Prevalence of diminished ovarian reserve in Chinese women with follicular cysts and menstrual disorders

Abstract

Objectives

To assess the prevalence of diminished ovarian reserve (DOR) in Chinese women with follicular cysts and menstrual disorders and relationship to hormonal markers.

Methods

117 women with follicular cysts and menstrual disorders, aged 24 ∼ 53 (39.19 ± 6.61) years; measurements of height, weight, follicle-stimulating hormone (FSH), luteinizing hormone (LH), E2, progesterone (Po), prolactin (PRL), total testosterone, AMH, follicular cyst diameter, endometrial thickness. Three age groups were compared: 1) 21 ∼ 30 years, 2) 30 ∼ 40 years, 3) > 40 years.

Results

Total prevalence of DOR 86.3%, in the groups 50%, 81.6%, and 98.4%, in group-3 significantly higher than in group-1 and 2. 34.2% of the 117 patients complained of cessation of regular menstruations or amenorrhea, 65.8% of abnormal uterine bleeding. Follicular cysts disappeard in cycle-1 for 98 (83.8%) and in cycle-2 for 117 (100%) patients. AMH decreased with age, significantly different between the three groups. Total testosterone in group-1 and 2 was significantly higher than in group-3. In total AMH had a negative correlation with age and E2 (p < 0.01) and positive correlation with total testosterone (p < 0.05).

Conclusions

Assessing ovarian reserve with follicular cysts and menstrual disorders is important because often pointing to DOR. The overall prevalence of DOR was high; even young women (<40 years) with follicular cysts and menstrual disorders had a low level of AMH. So AMH can be used as a marker to define DOR with higher sensitivity than other markers like FSH and E2. Primarily, these results only apply to Chinese women and should be confirmed in further studies.

Keywords:

• Diminished ovarian reserve
• functional ovarian cyst
• follicular cyst
• anti-müllerian hormone
• menstrual disorders

Introduction

Ovarian reserve (OR), the functional potential of the ovary, reflects the quantity and quality of oocytes at any given time and constitutes the resting, non-growing ovarian primordial follicle population. Diminished ovarian reserve (DOR) refers to the loss of the normal reproductive capacity of the ovary due to a decrease in the numbers and quality of remaining follicles [1]. It is distinct from menopause and premature ovarian insufficiency (POI) [2] but represents an intermediate situation between normal reproductive biology and POI. DOR that occurs after age 40 is usually physiological, while women’s early experience of DOR leads to an early decline in their reproductive function. DOR’s most common clinical manifestations are menstrual disorder, an endocrine disorder, poor response to ovarian stimulation, and infertility [3].

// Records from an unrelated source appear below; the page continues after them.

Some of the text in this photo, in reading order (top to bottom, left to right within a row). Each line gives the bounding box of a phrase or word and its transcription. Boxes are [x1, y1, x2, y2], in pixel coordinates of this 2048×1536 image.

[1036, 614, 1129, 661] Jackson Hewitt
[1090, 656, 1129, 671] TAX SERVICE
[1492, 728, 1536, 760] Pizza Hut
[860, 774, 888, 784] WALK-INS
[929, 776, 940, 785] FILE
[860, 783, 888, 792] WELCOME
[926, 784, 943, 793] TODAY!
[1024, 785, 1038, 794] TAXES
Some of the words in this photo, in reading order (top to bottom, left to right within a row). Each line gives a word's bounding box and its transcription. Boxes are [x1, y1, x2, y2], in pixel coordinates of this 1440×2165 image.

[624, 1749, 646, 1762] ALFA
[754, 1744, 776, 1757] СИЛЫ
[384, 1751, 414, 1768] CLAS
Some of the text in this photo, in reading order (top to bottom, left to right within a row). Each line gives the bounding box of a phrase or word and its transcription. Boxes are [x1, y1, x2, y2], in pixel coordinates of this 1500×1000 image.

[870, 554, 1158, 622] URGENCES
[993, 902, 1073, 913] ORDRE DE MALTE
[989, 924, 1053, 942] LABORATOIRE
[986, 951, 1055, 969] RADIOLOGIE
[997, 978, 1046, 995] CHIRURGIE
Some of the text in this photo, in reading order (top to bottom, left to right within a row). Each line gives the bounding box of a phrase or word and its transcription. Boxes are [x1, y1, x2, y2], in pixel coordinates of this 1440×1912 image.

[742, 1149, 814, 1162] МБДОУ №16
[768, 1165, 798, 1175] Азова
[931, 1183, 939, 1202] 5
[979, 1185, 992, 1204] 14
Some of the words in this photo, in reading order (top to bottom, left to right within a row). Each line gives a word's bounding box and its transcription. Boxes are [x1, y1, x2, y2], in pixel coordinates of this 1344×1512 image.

To define DOR, the antral follicular count (AFC) and anti-müllerian hormone (AMH), and follicle-stimulating hormone (FSH) serum levels are the most estimated and frequently used criteria [4]. AMH is a glycoprotein that belongs to the transforming growth factor-beta superfamily. In women, it is secreted exclusively by ovarian granulosa cells starting in utero at about 36 weeks of gestation [5]. In recent years, serum AMH has proven effective in evaluating ovarian disorders in women from childhood to menopause. A significant advantage of serum AMH is its low intra-cycle and inter-cycle variability, as it is produced from preantral and small antral follicles, which are gonadotropin independent [6]. AMH better reflects the age-related decrease in the follicular pool than other markers, giving the most reliable reflection of reproductive aging for any particular woman [7]. In China, AMH < 1.1 ng/ml is used for diagnostic standards of DOR, which was used in our study [8].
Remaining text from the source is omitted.